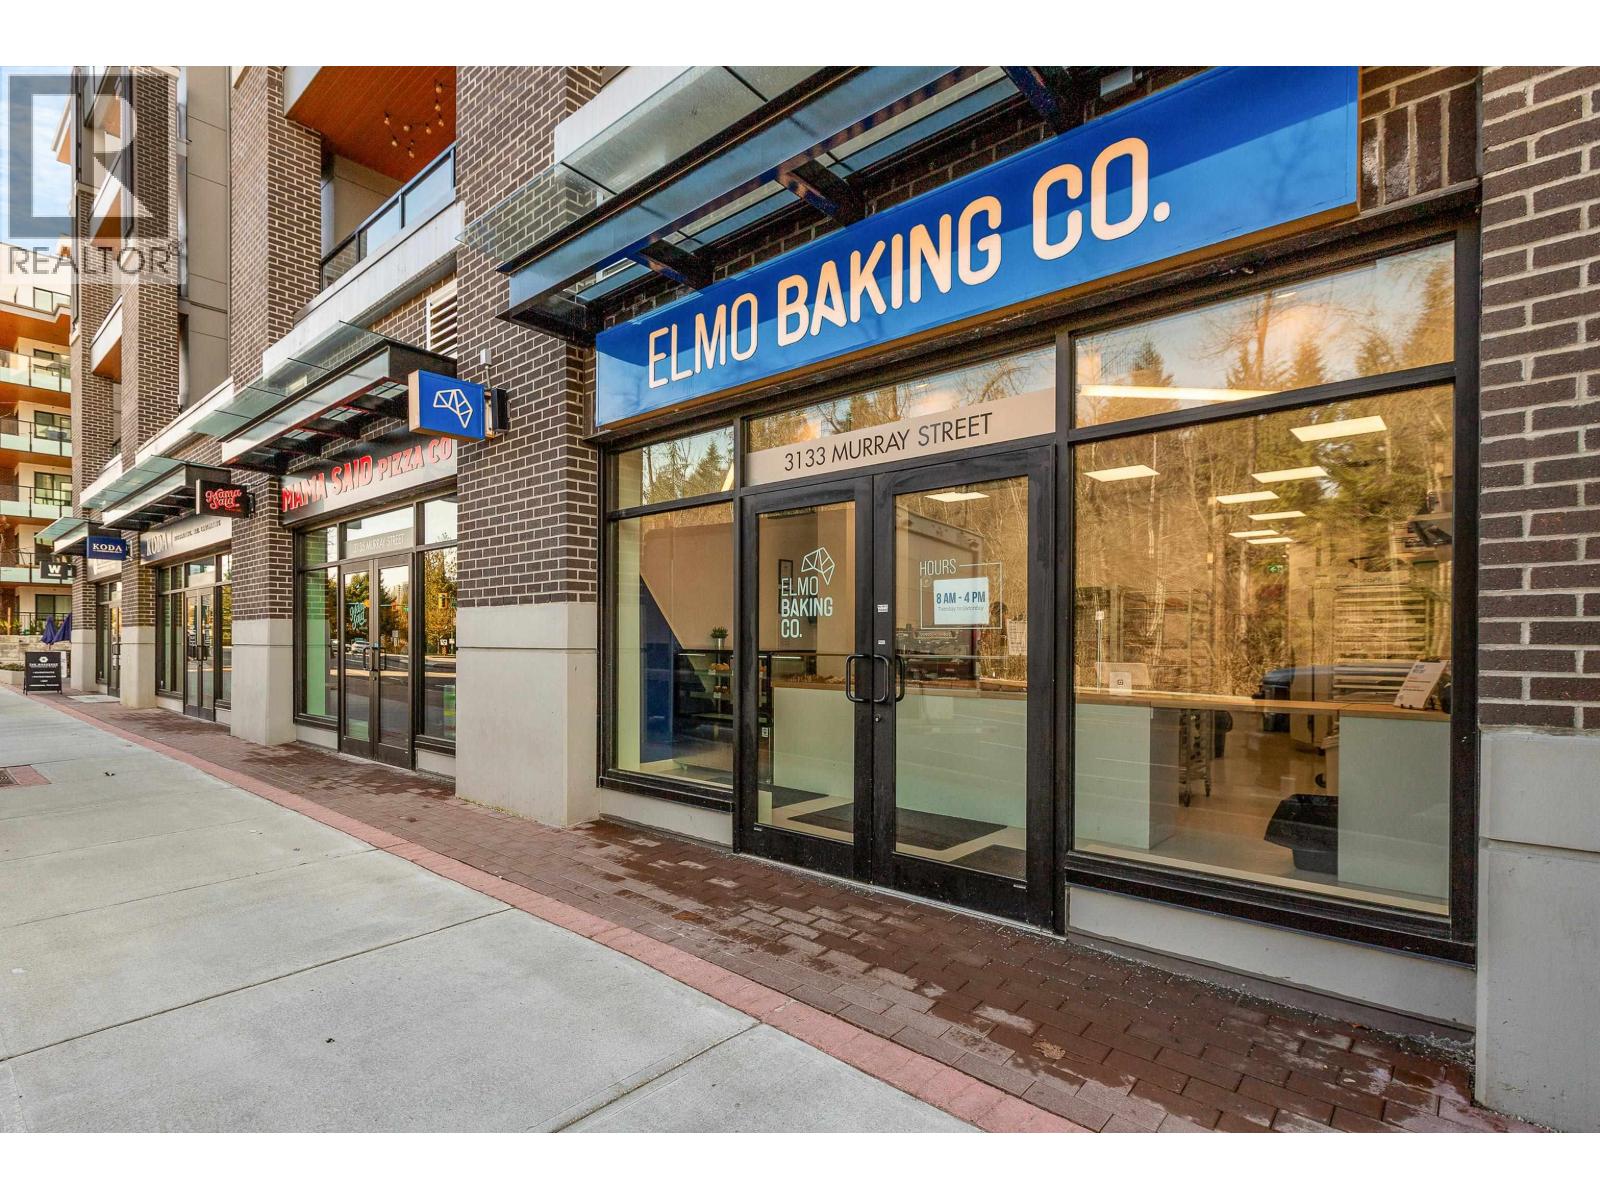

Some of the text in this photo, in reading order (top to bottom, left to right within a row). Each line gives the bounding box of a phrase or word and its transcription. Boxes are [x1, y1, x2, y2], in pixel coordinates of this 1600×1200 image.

[647, 136, 1171, 390] ELMO BAKING CO.
[784, 412, 993, 472] 3133 MURRAY STREET
[281, 472, 329, 513] MAMA
[330, 454, 374, 496] SAID
[377, 444, 425, 482] PIZZA
[205, 488, 243, 503] Mama
[92, 543, 123, 552] KODA
[147, 530, 169, 557] KODA
[48, 564, 62, 574] W
[919, 558, 957, 577] HOURS
[781, 576, 819, 597] ELMO
[781, 596, 833, 618] BAKING
[936, 592, 942, 604] 8
[943, 592, 957, 604] AM
[964, 591, 970, 603] 4
[972, 591, 986, 603] PM
[781, 618, 803, 638] CO.
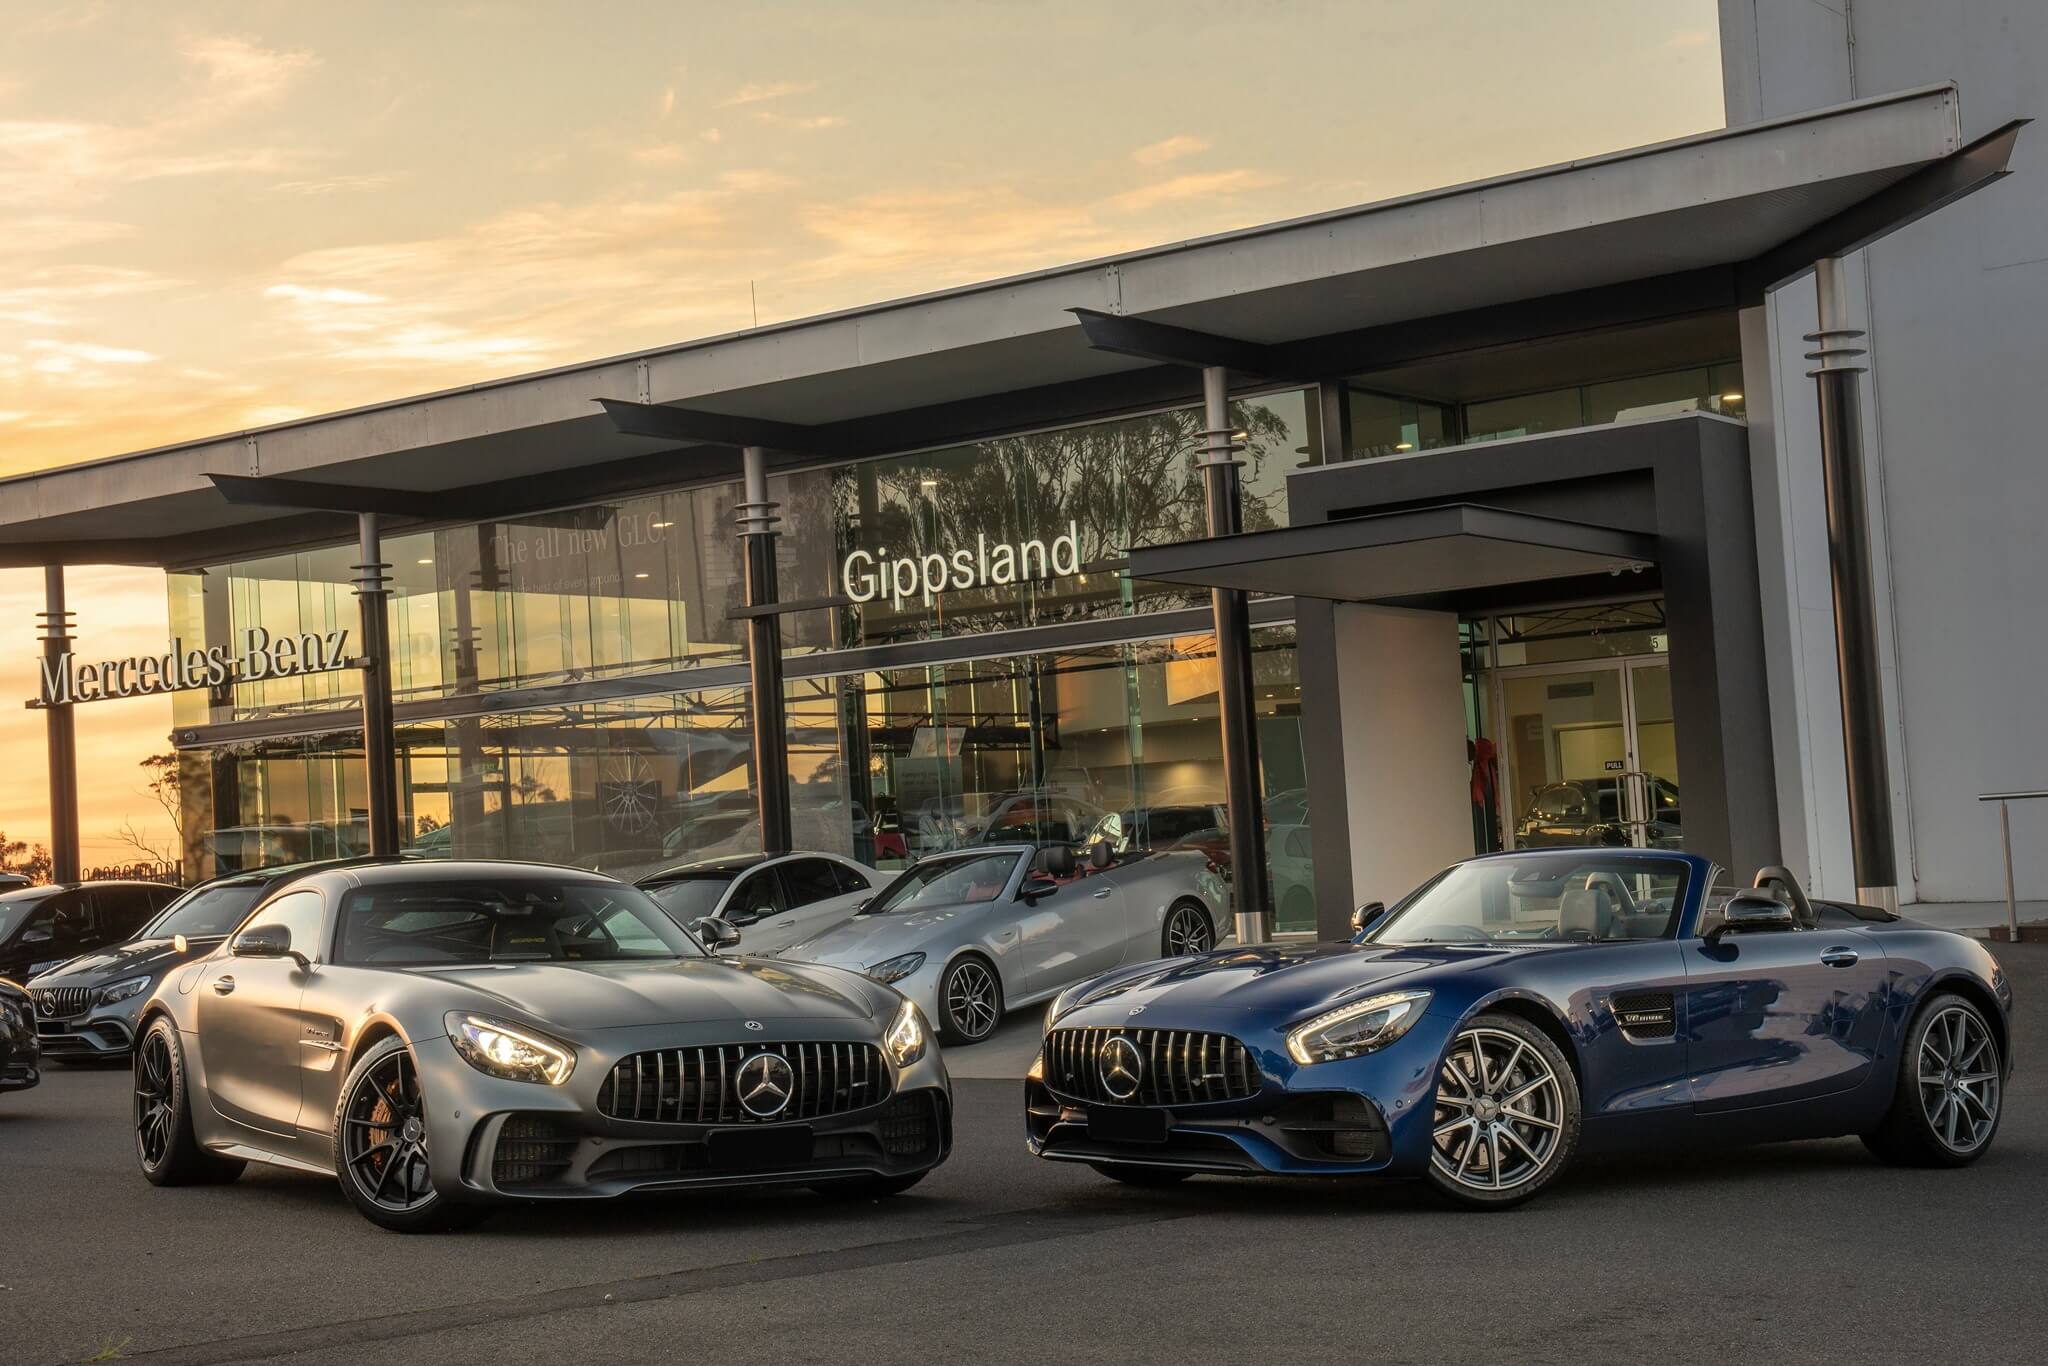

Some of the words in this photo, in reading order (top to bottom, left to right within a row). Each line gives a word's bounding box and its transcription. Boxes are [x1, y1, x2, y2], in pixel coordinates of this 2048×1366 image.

[490, 534, 528, 566] The
[535, 527, 561, 560] all
[568, 528, 609, 555] new
[618, 512, 667, 548] GLC.
[843, 520, 1080, 611] Gippsland
[36, 626, 349, 707] Mercedes-Benz
[1606, 761, 1622, 769] PULL

####

Exercise prompt
Each entry above must be duplicated precisely; none of the pictures may be included.

Answer space
Some of the text in this photo, in reading order (top to bottom, left to right within a row). Each line gives the bounding box of a phrase or word and its transcription. Boxes are [x1, y1, x2, y2], in pixel coordinates of this 1600×1200 image.

[647, 136, 1171, 390] ELMO BAKING CO.
[784, 412, 993, 472] 3133 MURRAY STREET
[281, 472, 329, 513] MAMA
[330, 454, 374, 496] SAID
[377, 444, 425, 482] PIZZA
[205, 488, 243, 503] Mama
[92, 543, 123, 552] KODA
[147, 530, 169, 557] KODA
[48, 564, 62, 574] W
[919, 558, 957, 577] HOURS
[781, 576, 819, 597] ELMO
[781, 596, 833, 618] BAKING
[936, 592, 942, 604] 8
[943, 592, 957, 604] AM
[964, 591, 970, 603] 4
[972, 591, 986, 603] PM
[781, 618, 803, 638] CO.

Some of the words in this photo, in reading order (top to bottom, left to right within a row). Each line gives a word's bounding box and its transcription. Boxes are [x1, y1, x2, y2], in pixel coordinates of this 2048×1366 image.

[490, 534, 528, 566] The
[535, 527, 561, 560] all
[568, 528, 609, 555] new
[618, 512, 667, 548] GLC.
[843, 520, 1080, 611] Gippsland
[36, 626, 349, 707] Mercedes-Benz
[1606, 761, 1622, 769] PULL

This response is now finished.